Audiences jump into the conversation. Will Arntz – director of the movie along with E. Raymond Brown – and I recently spoke with an audience about their reactions to Ghetto Physics. Mostly they resonated with the question of whether we are each a pimp or ho – in the worldview of the movie we are each both, because there is one in every relationship. That is, if you are stuck in the paradigm of pimps who want the ho’s to believe that he or she cannot change their circumstance. Or if your relationships are all about who is pimping or ho’ing. I get the point but that’s not always the way it is.

I was unprepared for so many in the audience zeroing in on the spiritual questions raised by Ghetto Physics. Probably not surprising given that Will Arntz is the acclaimed director of What the Bleep Do You Know?  -  a remarkable movie exploring the spiritual connection between quantum physics and consciousness.

Ghetto Physics

The audience was hungry to explore whether there is a new way of being that reflects the values of Martin Luther King’s “I have a Dream” or what Ishmael Tetteh calls, “the reality within you.” I believe there is a new way to be human, to become fully alive. There are pathways that help us to navigate that big truth. They each invite transformation. 

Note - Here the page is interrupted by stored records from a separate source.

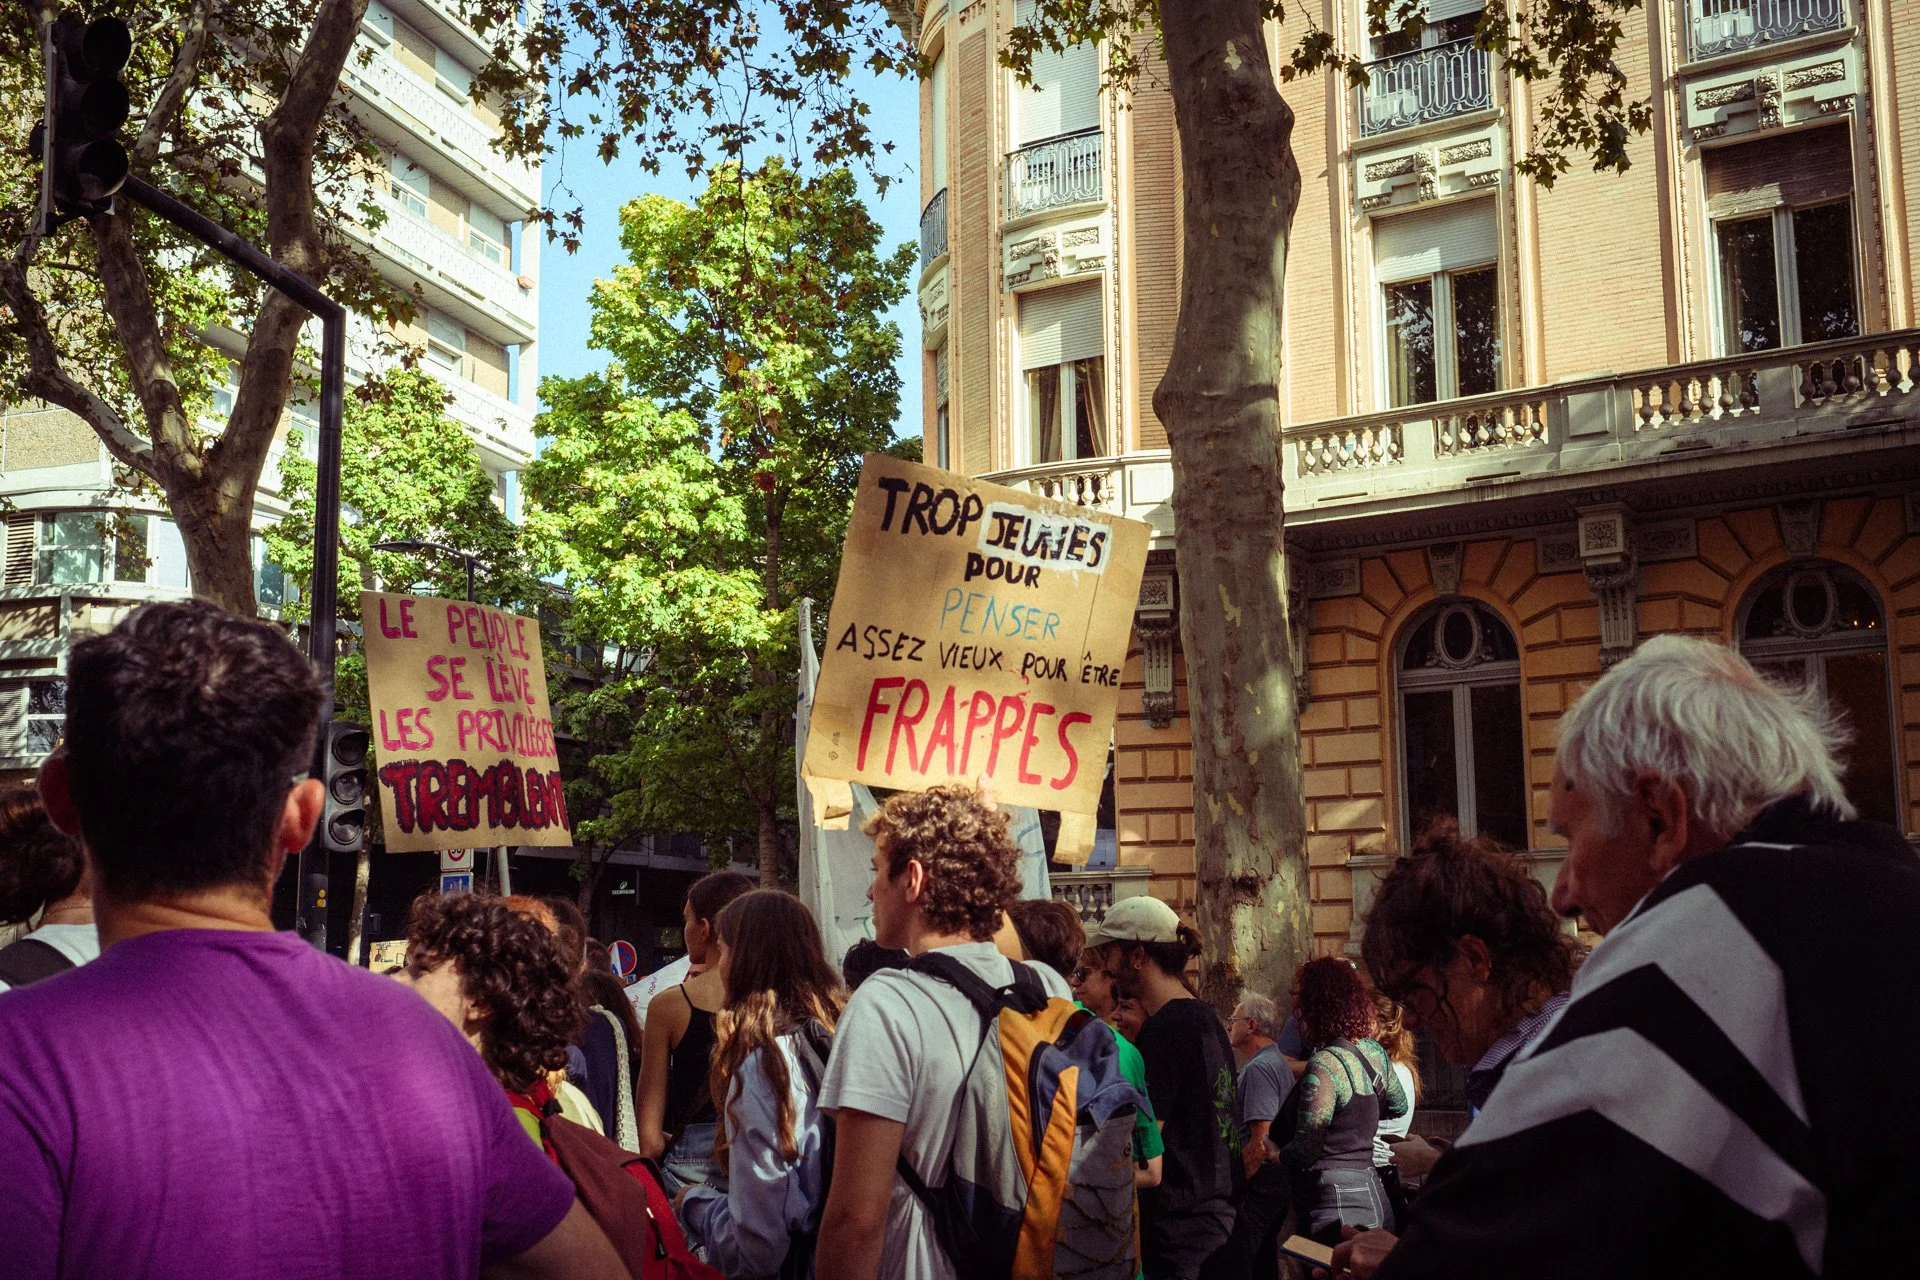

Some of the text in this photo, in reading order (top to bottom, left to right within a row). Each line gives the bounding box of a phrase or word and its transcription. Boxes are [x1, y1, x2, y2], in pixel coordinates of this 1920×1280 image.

[878, 477, 984, 537] TROP
[964, 551, 1042, 589] POUR
[380, 598, 530, 661] LE PEUPLE
[940, 588, 1061, 642] PENSER
[425, 653, 536, 705] SE LÈVE
[836, 623, 1121, 688] ASSEZ VIEUX POUR ÊTRE
[380, 708, 435, 751] LES
[378, 758, 570, 834] TREMBLENT
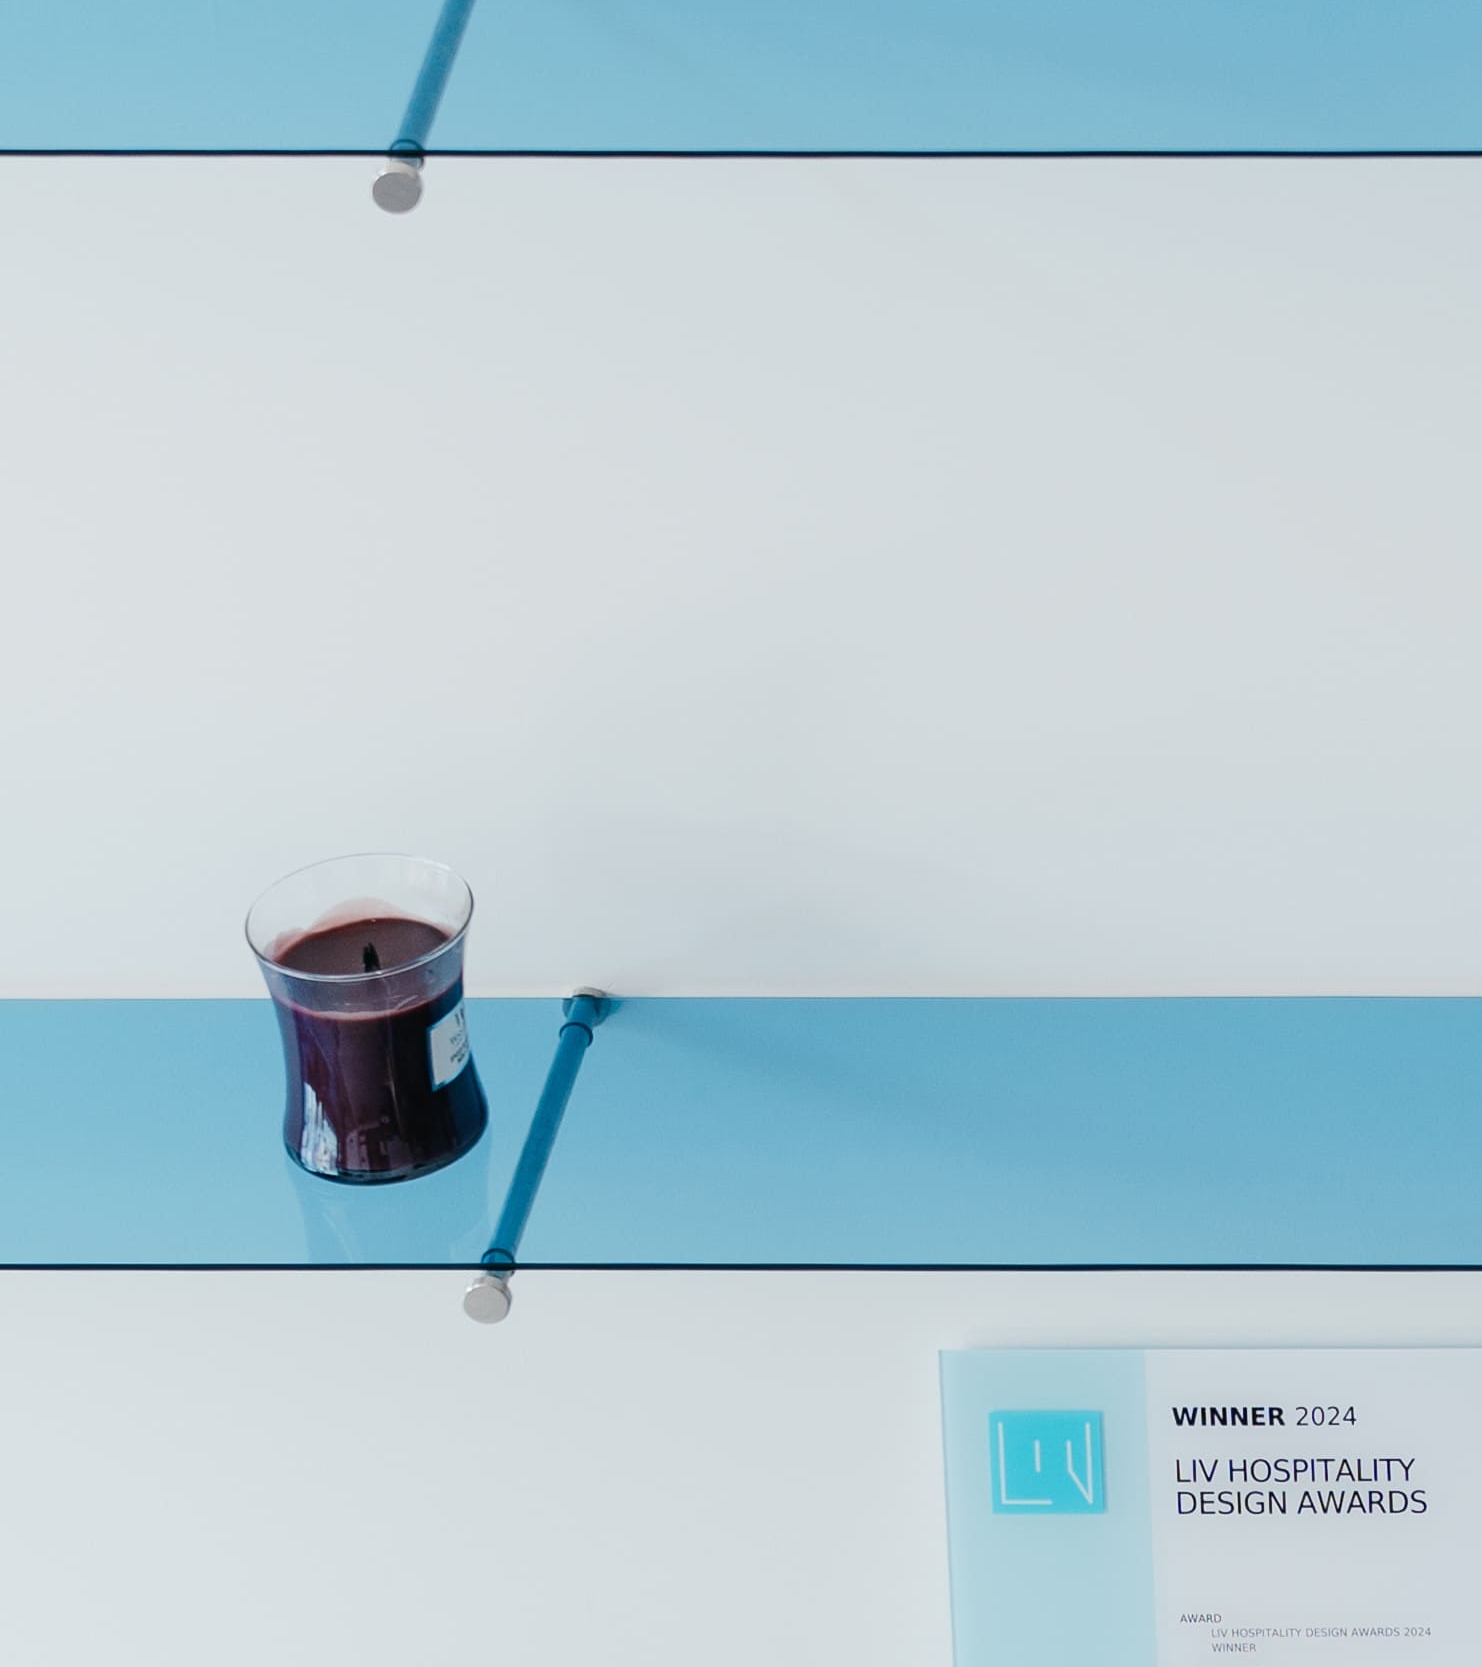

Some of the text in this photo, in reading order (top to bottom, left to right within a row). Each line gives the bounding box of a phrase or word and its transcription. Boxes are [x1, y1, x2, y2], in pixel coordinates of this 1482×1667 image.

[1172, 1405, 1357, 1427] WINNER 2024
[1175, 1458, 1416, 1483] LIV HOSPITALITY
[1177, 1489, 1428, 1515] DESIGN AWARDS
[1179, 1613, 1222, 1624] AWARD
[1210, 1626, 1432, 1639] LIV HOSPITALITY DESIGN AWARDS 2024
[1211, 1642, 1257, 1653] WINNER
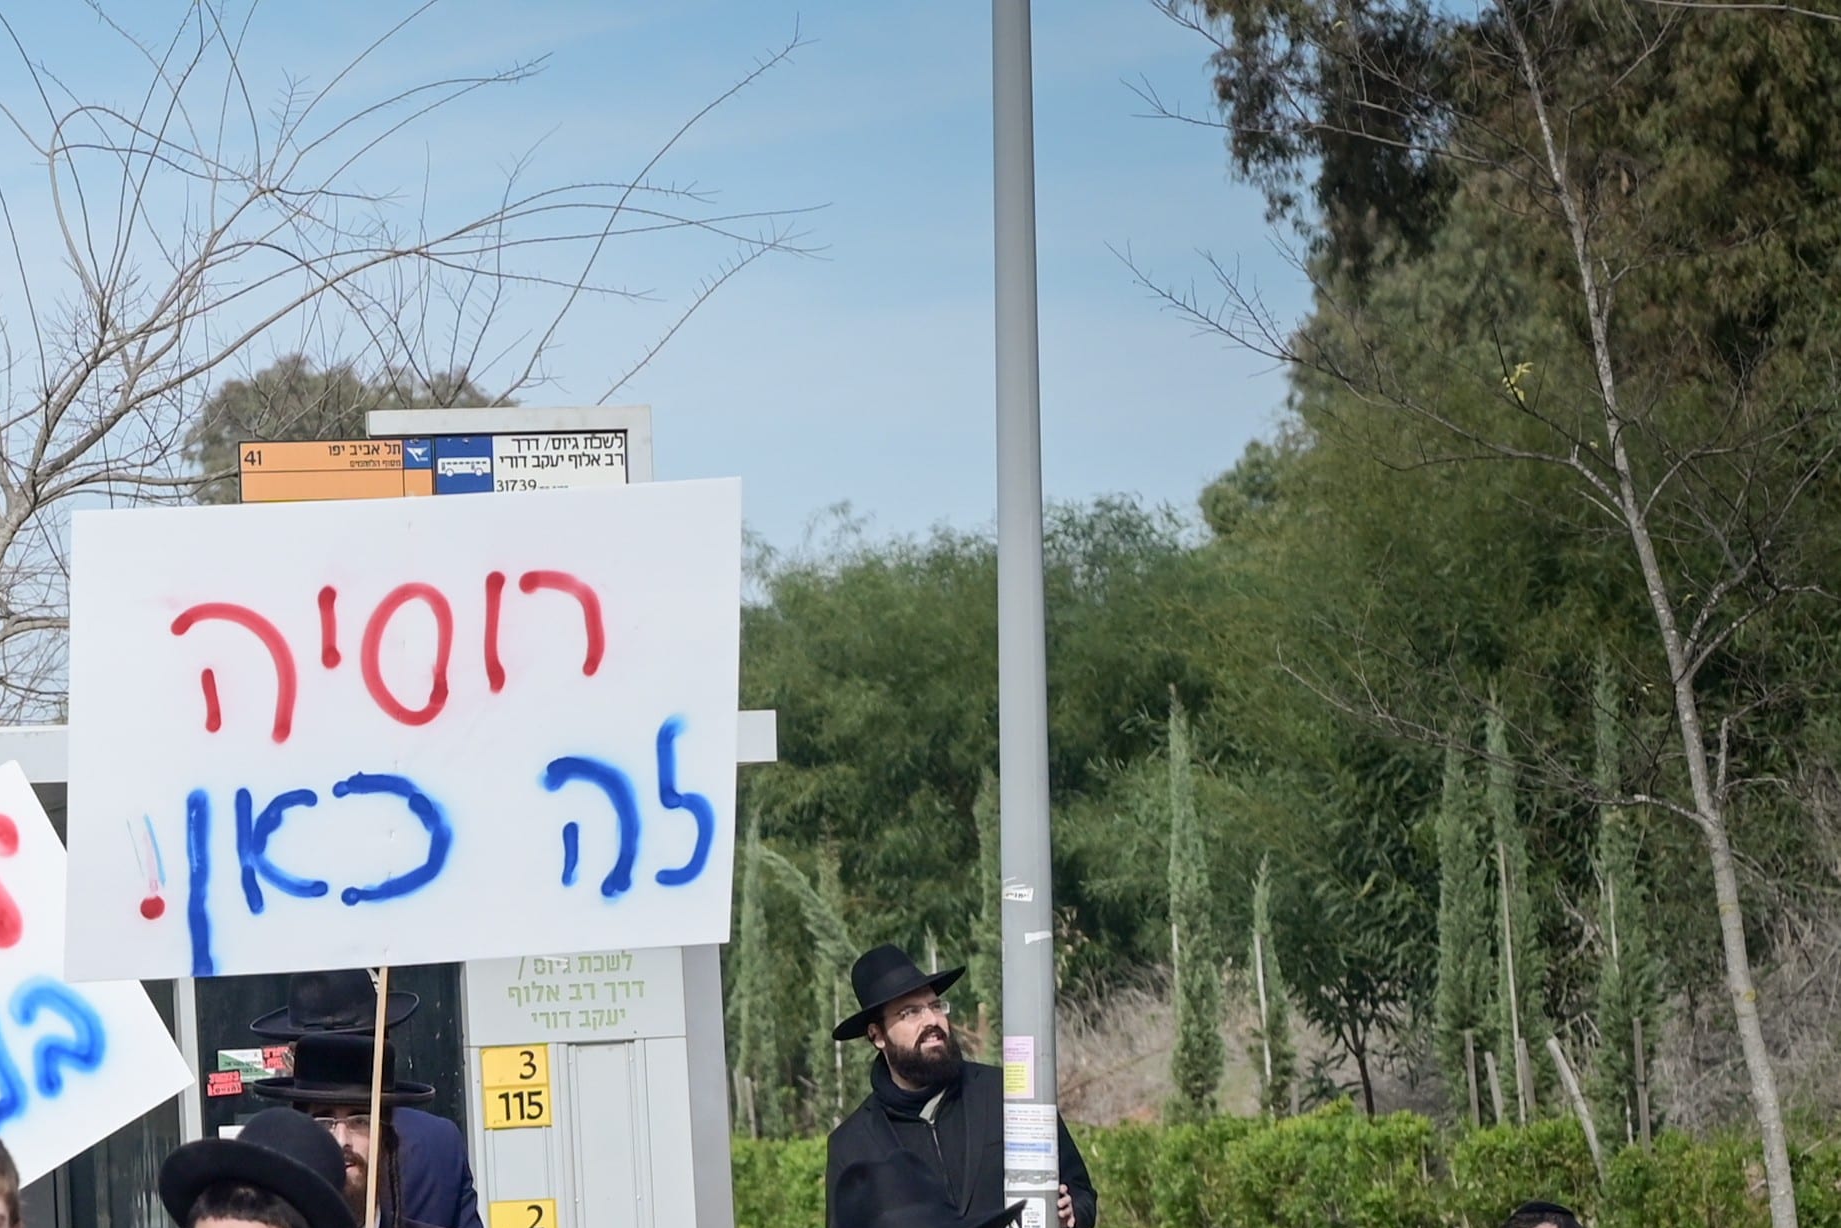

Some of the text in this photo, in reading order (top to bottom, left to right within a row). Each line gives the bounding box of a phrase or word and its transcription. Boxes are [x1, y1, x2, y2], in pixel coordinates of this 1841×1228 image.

[328, 442, 401, 457] תל אביב יפו
[511, 438, 540, 454] דרך
[584, 433, 624, 449] לשכת
[244, 450, 262, 467] 41
[499, 451, 624, 470] רב אלוף יעקב דורי
[496, 479, 537, 493] 31739
[171, 570, 605, 744] רוסיה
[578, 950, 633, 973] לשכת
[508, 980, 645, 1008] דרך רב אלוף
[531, 1008, 626, 1031] יעקב דורי
[519, 1050, 538, 1081] 3
[498, 1090, 545, 1123] 115

Ghetto Physics only touches on this being a “time of transformation” because it is a “time of crisis” brought on by the pimping which it claims is found in academia, religious institutions, government and corporate life. E. Raymond Brown tells a student that “there are always options” but that it a copout for what transformation means. Ghetto Physics does not engage in the spiritual pathways of discovering a new way to be human. It only alludes to them but then takes a pass. But that is not the purpose of the movie.

It does use powerful imagery, humor and the hip-hop language of pimps and ho’s to suggest two things.  First, If you’re going to live in the global ghetto of pimp’s and ho’s know that you are not just a ho but that you can pimp as well.  Second, this is not the only game in town; it is not the only paradigm. There is another option – to rise to the spiritual journey. This is the sequel to Ghetto Physics that I’m waiting for!

In our conversation with the audience Will Arntz and I discovered a deep hunger for meaning, purpose and living a life of value. The film will likewise engage you. At the very least you’ll come away asking about the paradigm and lenses through which you choose to live.